Equivalence and X-Propagation¶

For a circuit described without any don’t-care values and with all flip-flops initialized to a fixed value, an equivalence check can be expressed as safety-property using a miter circuit that compares the output of the “gold” and “gate” circuit, each receiving the same inputs.

Safe-Replacement Equivalence¶

The situation is not as simple when flip-flops start with an unknown initial value or when synthesis is allowed to turn don’t-care bits into arbitrary values. There are different notions of circuit equivalence in such a setting. EQY implements a form of safe-replacement equivalence. This means that every output sequence that can be observed for the “gate” circuit for some input sequence must correspond to a compatible output sequence of the “gold” circuit when using the same input sequence.

It makes sense to think of this as a refinement as it is not a symmetric equivalence. Requireing that any behavior of the “gate” circuit is present for the “gold” circuit ensures that properties validated for the “gold” circuit also hold for the “gate” circuit. This does not hold when reversing the roles of “gate” and “gold” as chosing different initial values for uninitialized flip-flops or making different choices for don’t-care values within the “gold” circuit may result in an output sequence that cannot occur for a given equivalent “gate” circuit.

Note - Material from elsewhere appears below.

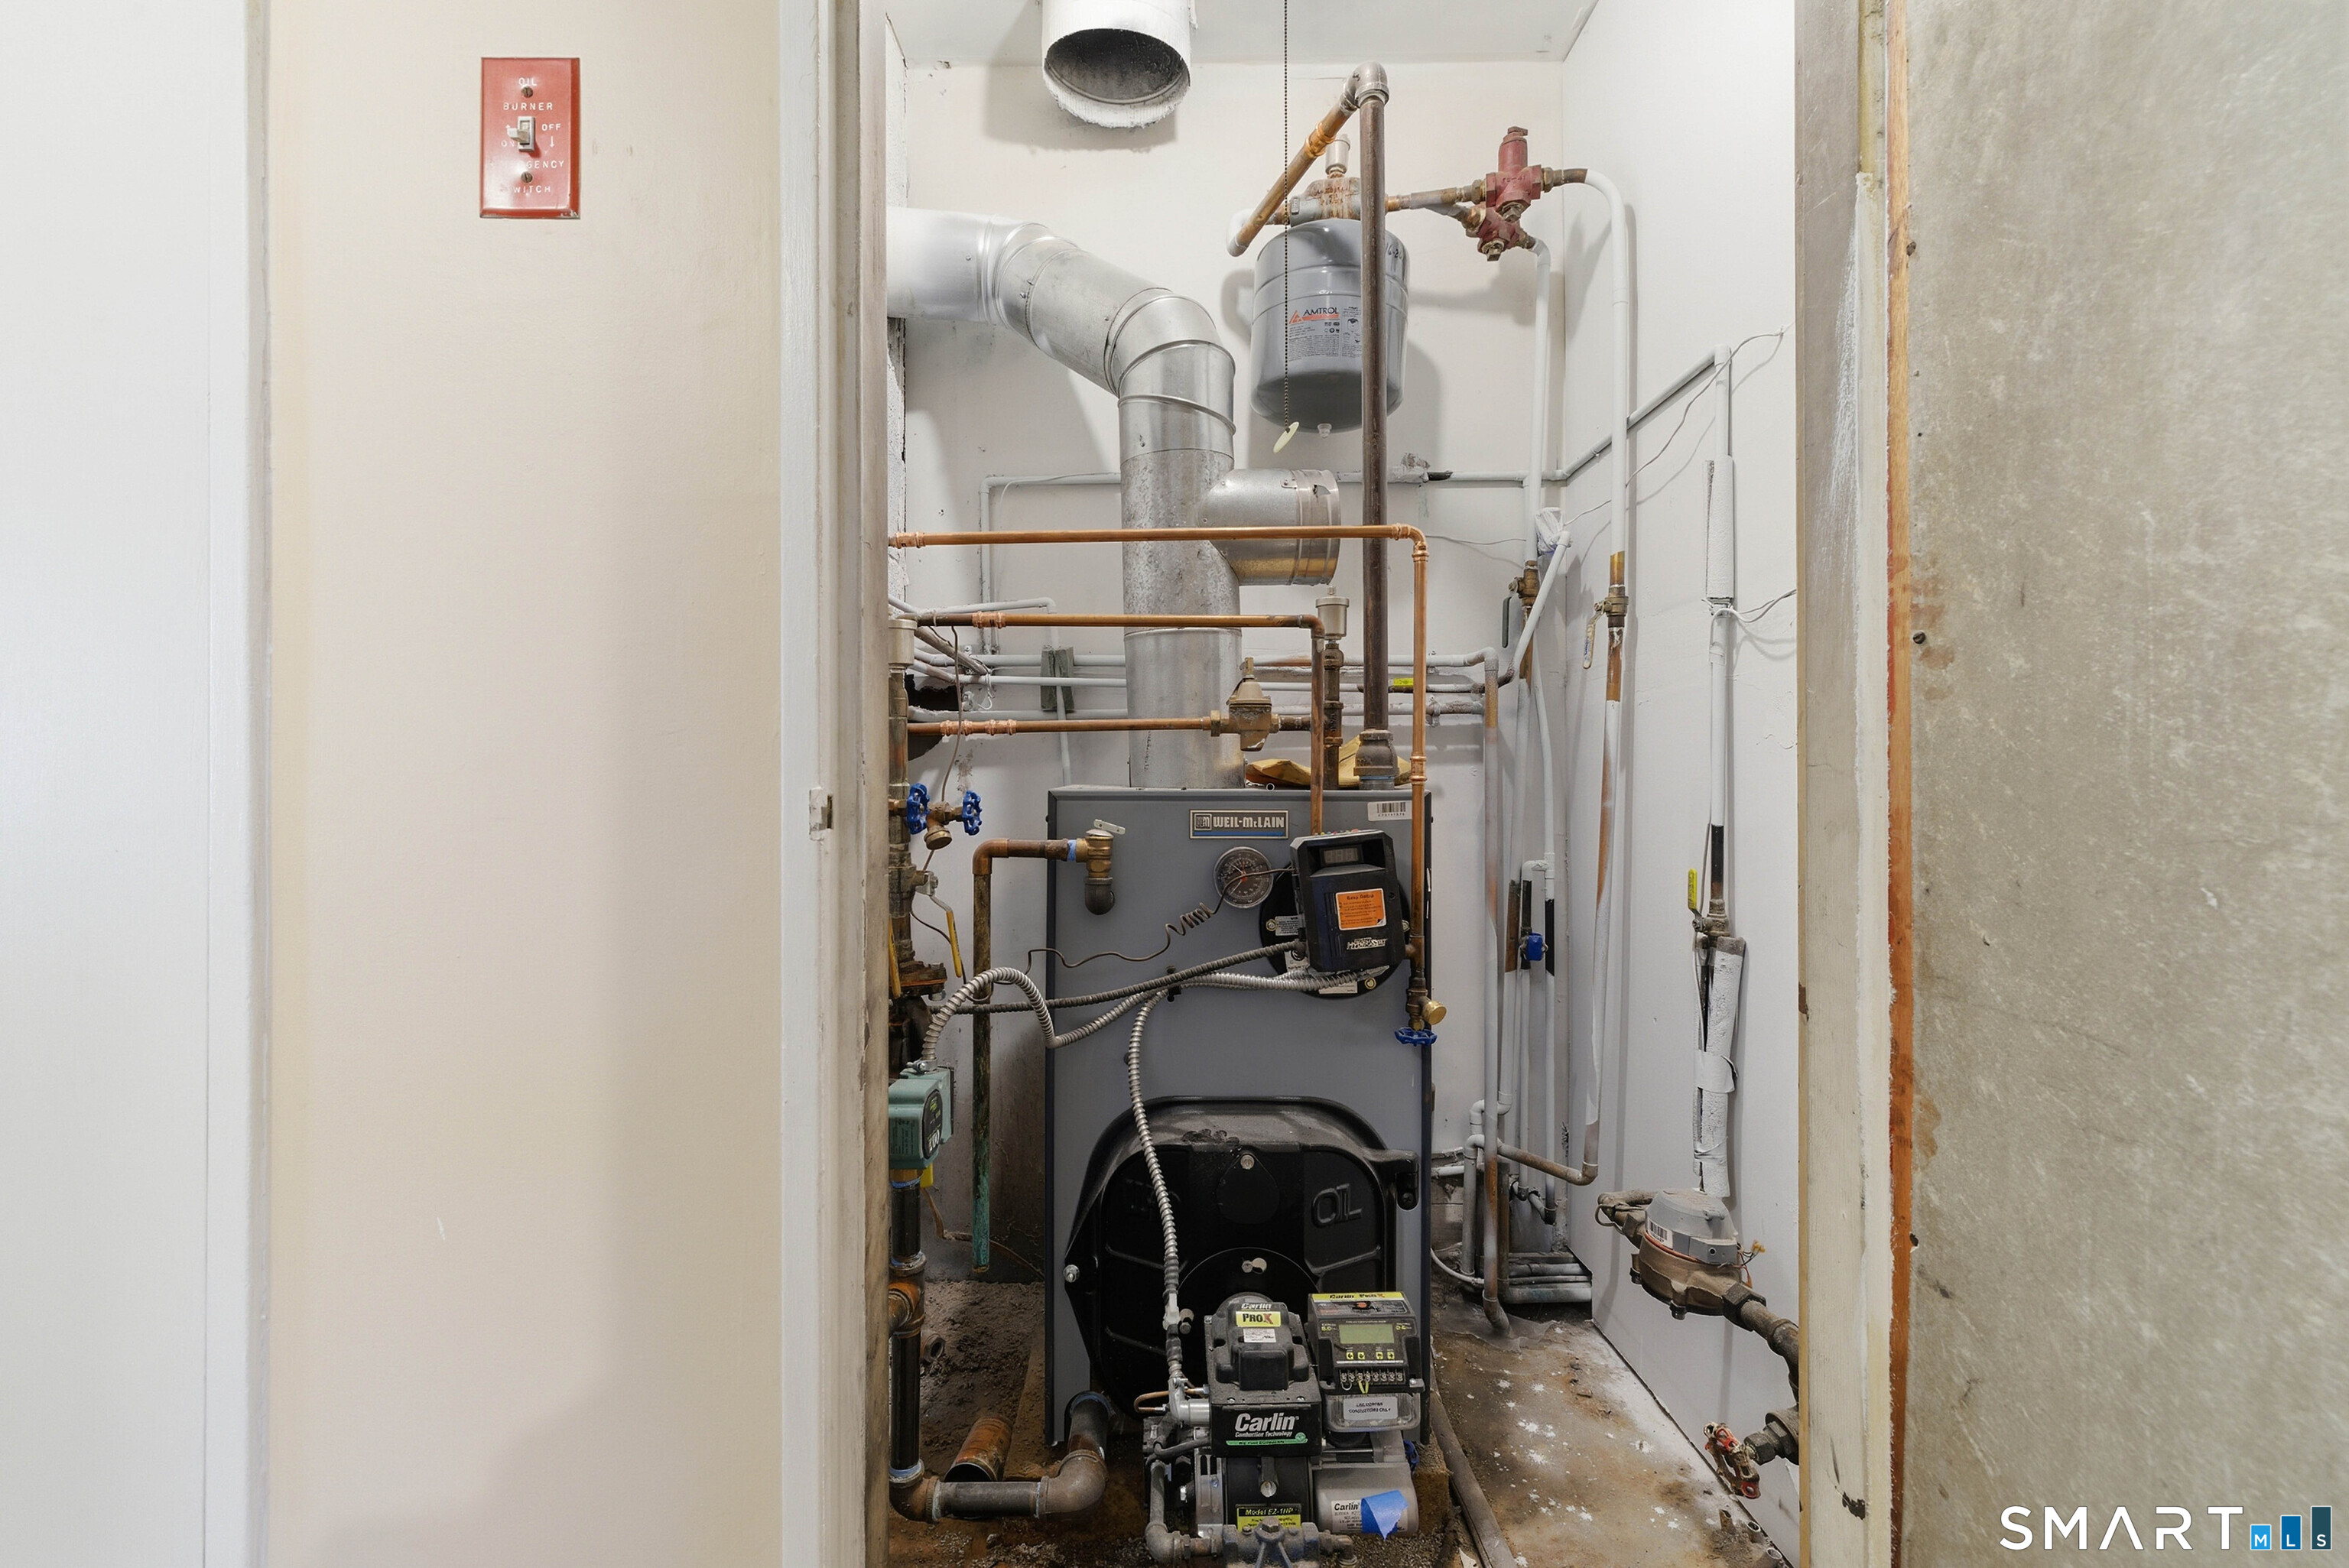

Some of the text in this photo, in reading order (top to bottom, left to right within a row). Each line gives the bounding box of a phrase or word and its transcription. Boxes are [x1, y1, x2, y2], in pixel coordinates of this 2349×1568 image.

Equivalence using Formal X-Propagation¶

EQY’s strategies interpret the “gold” circuit using Yosys’s 3-valued (0, 1 and x) semantics (essentially the SystemVerilog x-propagation rules with the exception that if statements behave like s ? a : b expressions, producing x-bits when the two branches produce incompatible assignments). The “gate” circuit is interpreted using 2-valued semantics where any x-bit is replaced with an arbitrary unconstrained value (matching SBY’s formal verification flows). The outputs are then compared using a miter that considers an x output on the “gold” side equal to any value of the “gate” side.

Using a 3-valued interpretation for the “gold” side makes it possible to check an indivudal “gate” trace against a single “gold” trace, turning the equivalence check with don’t-cares and uninitialized flip-flops into a safety-property which in turn makes it possible to have EQY strategies integrating a large number of well performing solvers. This would not be possible when using a 2-valued interpretation of the “gold” side which would require an extra level of quantification to capture the possible choices for uninitialized or don’t-care bits.

When using EQY with a design that is not fully initialized or contains don’t-care values, it is important to keep in mind that the “gold” circuit is interpreted using 3-valued semantics. Properties of the “gold” circuit that are expected to hold for equivalent “gate” circuit should be verified against a 3-valued interpretation of the “gold” circuit.

Avoiding X-Bits¶

When a 3-valued interpretation of the “gold” circuit exhibits unwanted behavior, it is possible to use Yosys’s passes to fully or partially replace some x-bits with defined values in the [gate], [gold] or [script] section of an .eqy file. The setundef pass (setundef help) replaces x-bits with constant, random or unconstrained values while the sim -r pass (sim help) can simulate a reset sequence, writing back the resulting state as new initial state.